• Exercise data:
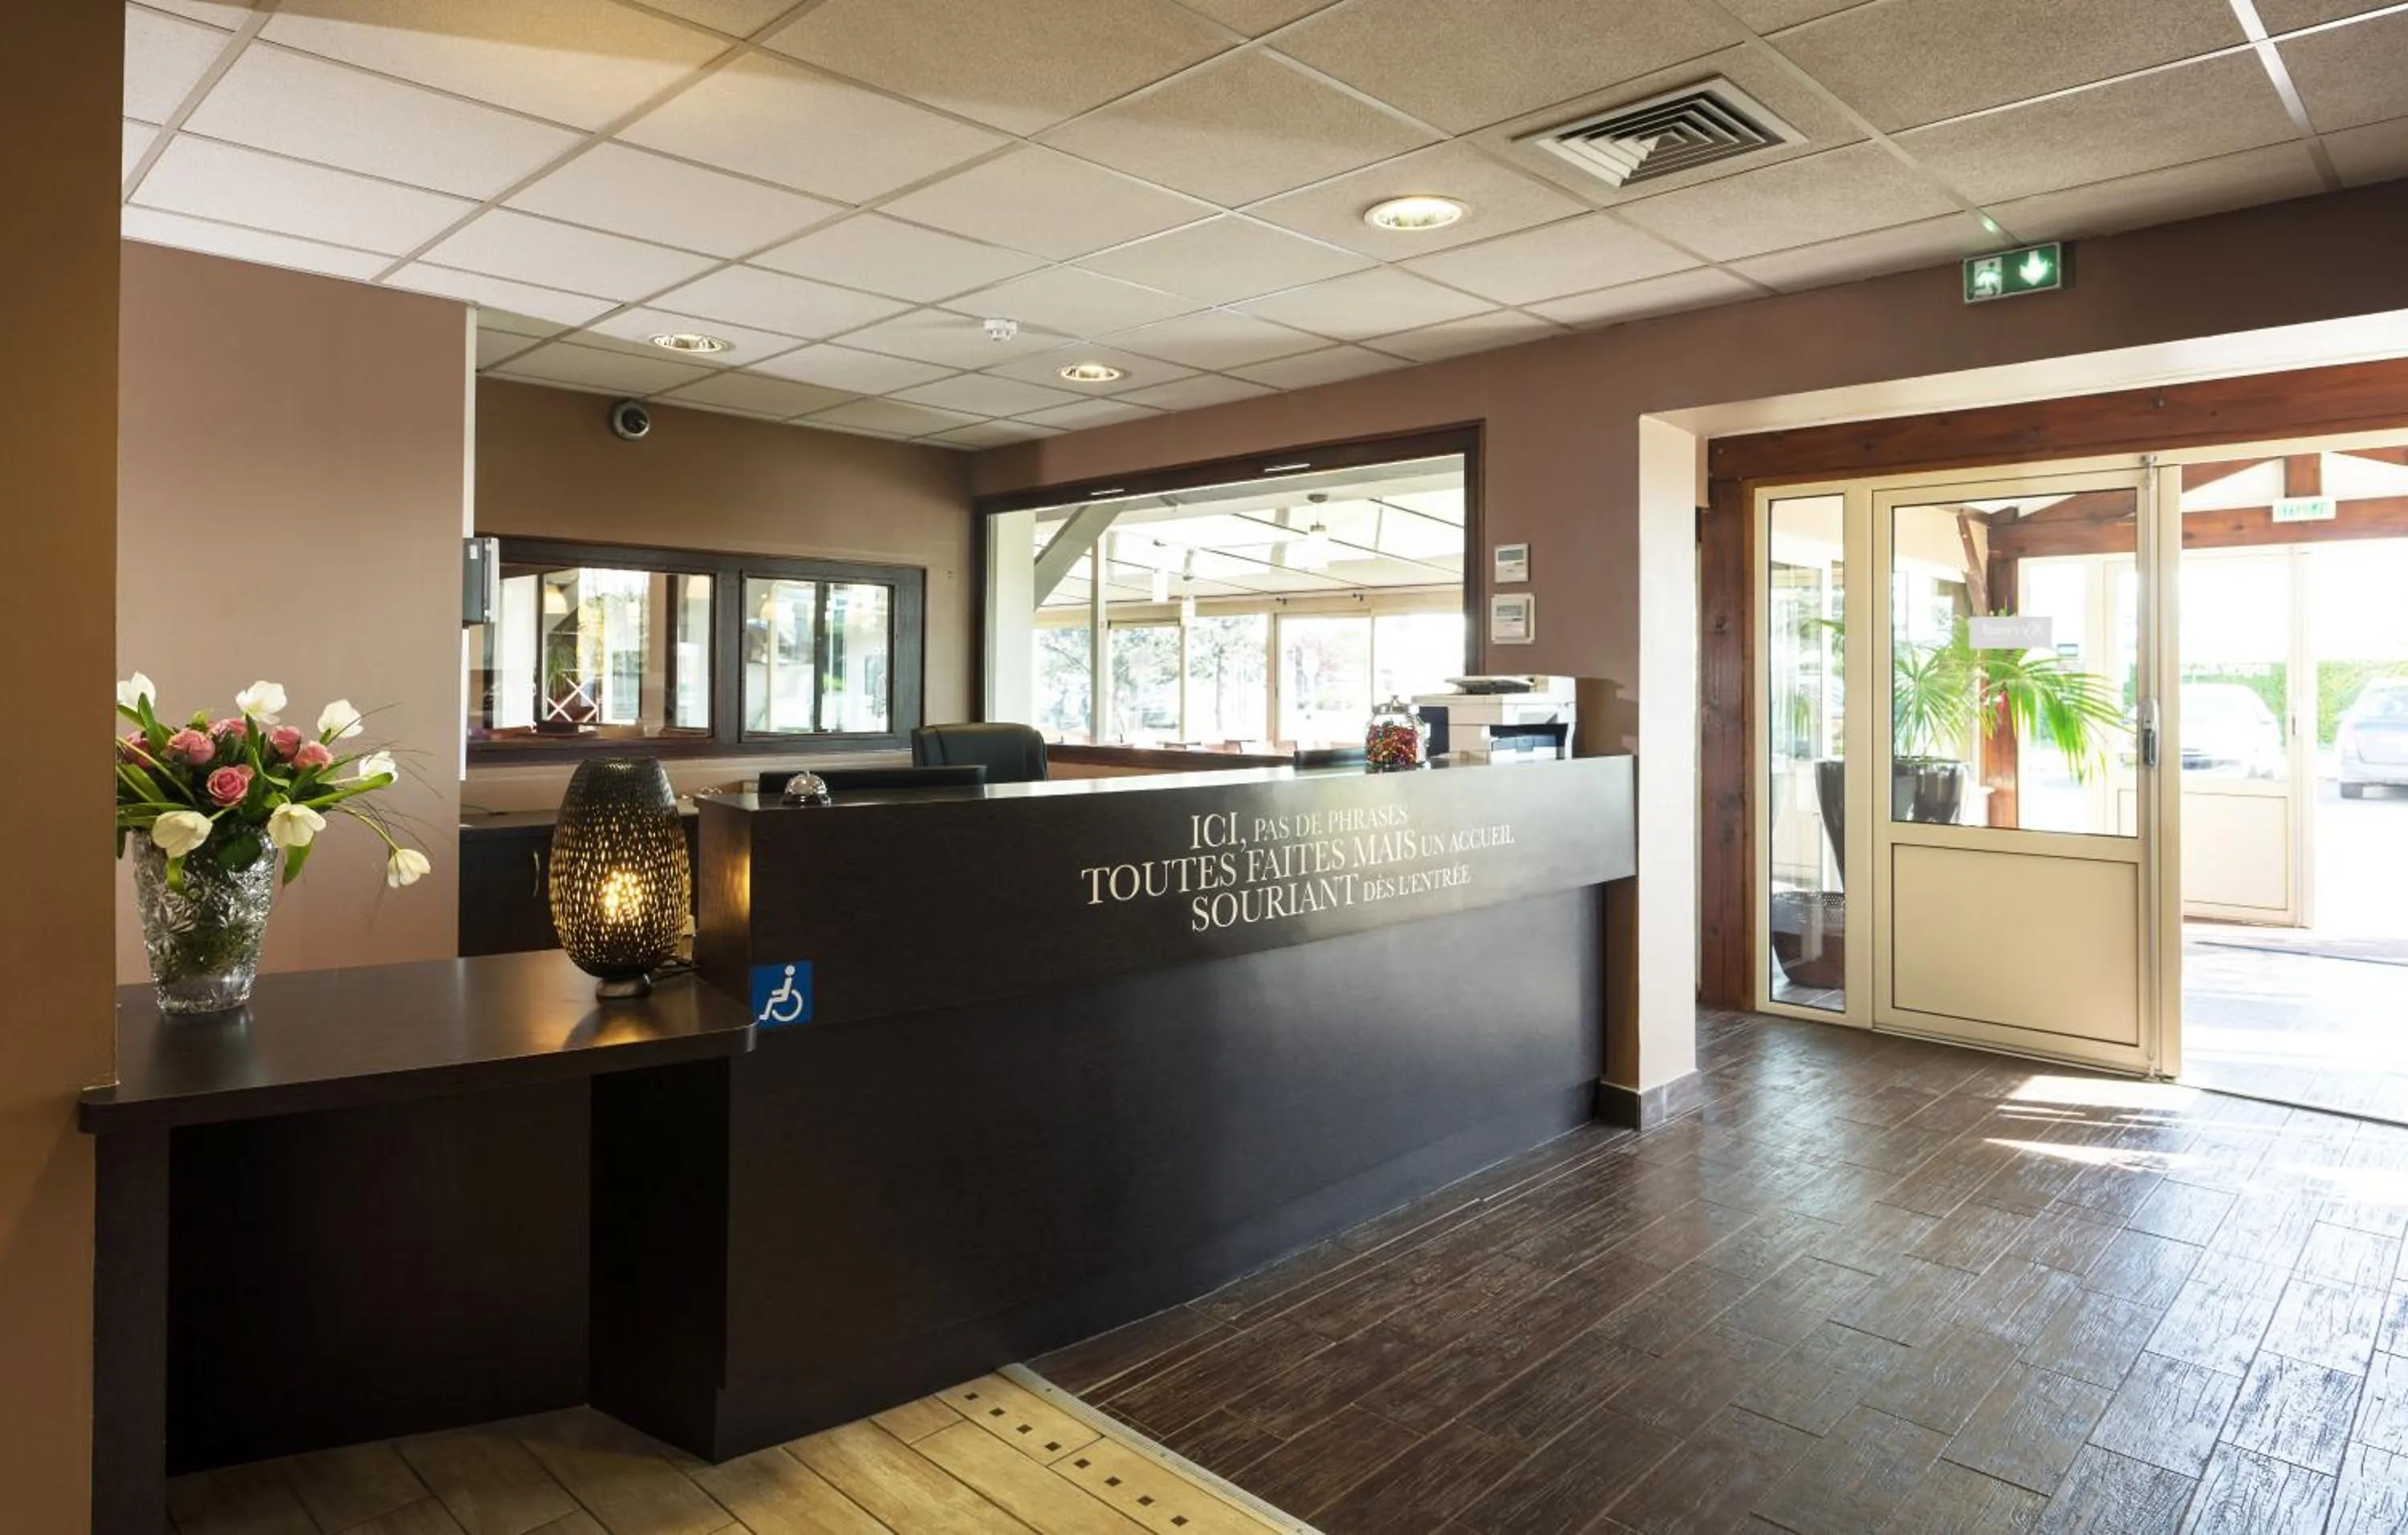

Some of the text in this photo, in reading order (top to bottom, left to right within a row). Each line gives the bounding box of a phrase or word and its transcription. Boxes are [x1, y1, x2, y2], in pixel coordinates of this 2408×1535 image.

[1190, 804, 1408, 852] ICI, PAS DE PHRASES
[1081, 824, 1515, 905] TOUTES FAITES MAIS UN ACCUEIL
[1192, 873, 1360, 932] SOURIANT
[1398, 861, 1471, 896] L'ENTRÉE
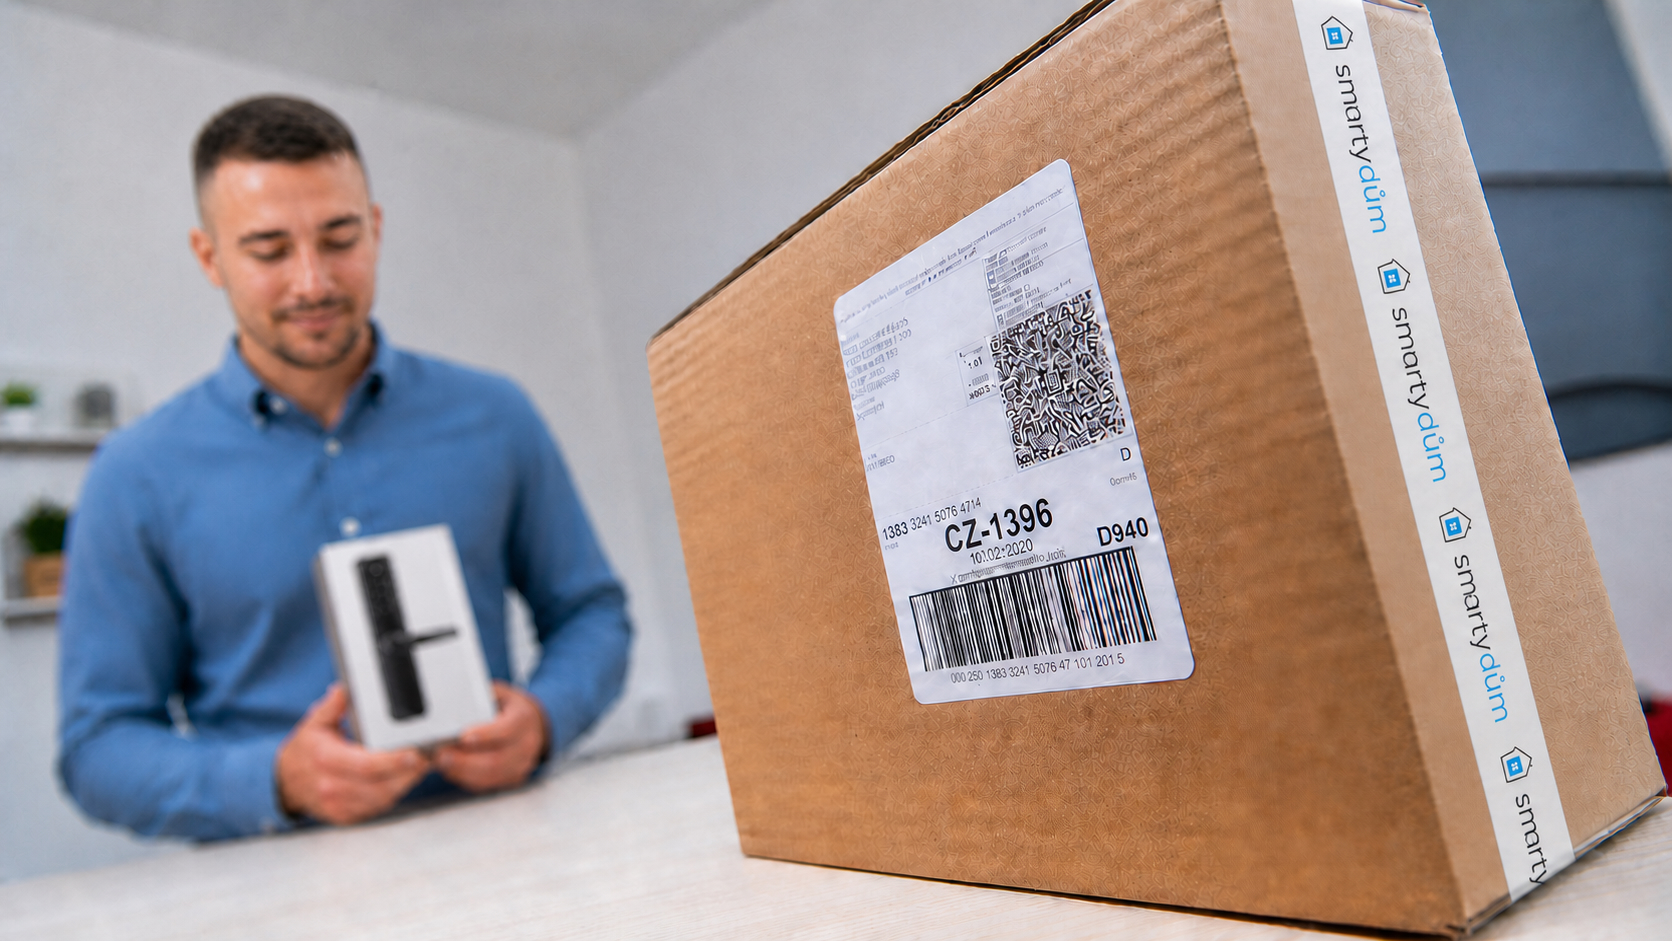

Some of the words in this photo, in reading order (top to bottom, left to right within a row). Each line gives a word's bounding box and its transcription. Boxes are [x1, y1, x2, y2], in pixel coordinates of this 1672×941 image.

[1335, 64, 1387, 234] smartydům
[1392, 307, 1447, 483] smartydům
[1120, 447, 1132, 461] D
[882, 521, 908, 540] 1383
[910, 514, 932, 531] 3241
[934, 505, 958, 523] 5076
[960, 497, 982, 514] 4714
[945, 498, 1053, 552] CZ-1396
[1096, 517, 1149, 547] D940
[1454, 554, 1508, 723] smartydům
[951, 671, 966, 683] 000
[968, 670, 983, 682] 250
[986, 667, 1007, 680] 1383
[1009, 665, 1030, 678] 3241
[1033, 661, 1057, 675] 5076
[1059, 658, 1071, 671] 47
[1074, 656, 1092, 669] 101
[1515, 793, 1547, 885] smarty

• Description of the task: Type out exactly the span of lines from the one with "Some of the words" to the end of the material above, counting both end lines, and nothing else.

• Output for this task:
Some of the words in this photo, in reading order (top to bottom, left to right within a row). Each line gives a word's bounding box and its transcription. Boxes are [x1, y1, x2, y2], in pixel coordinates of this 1672×941 image.

[1335, 64, 1387, 234] smartydům
[1392, 307, 1447, 483] smartydům
[1120, 447, 1132, 461] D
[882, 521, 908, 540] 1383
[910, 514, 932, 531] 3241
[934, 505, 958, 523] 5076
[960, 497, 982, 514] 4714
[945, 498, 1053, 552] CZ-1396
[1096, 517, 1149, 547] D940
[1454, 554, 1508, 723] smartydům
[951, 671, 966, 683] 000
[968, 670, 983, 682] 250
[986, 667, 1007, 680] 1383
[1009, 665, 1030, 678] 3241
[1033, 661, 1057, 675] 5076
[1059, 658, 1071, 671] 47
[1074, 656, 1092, 669] 101
[1515, 793, 1547, 885] smarty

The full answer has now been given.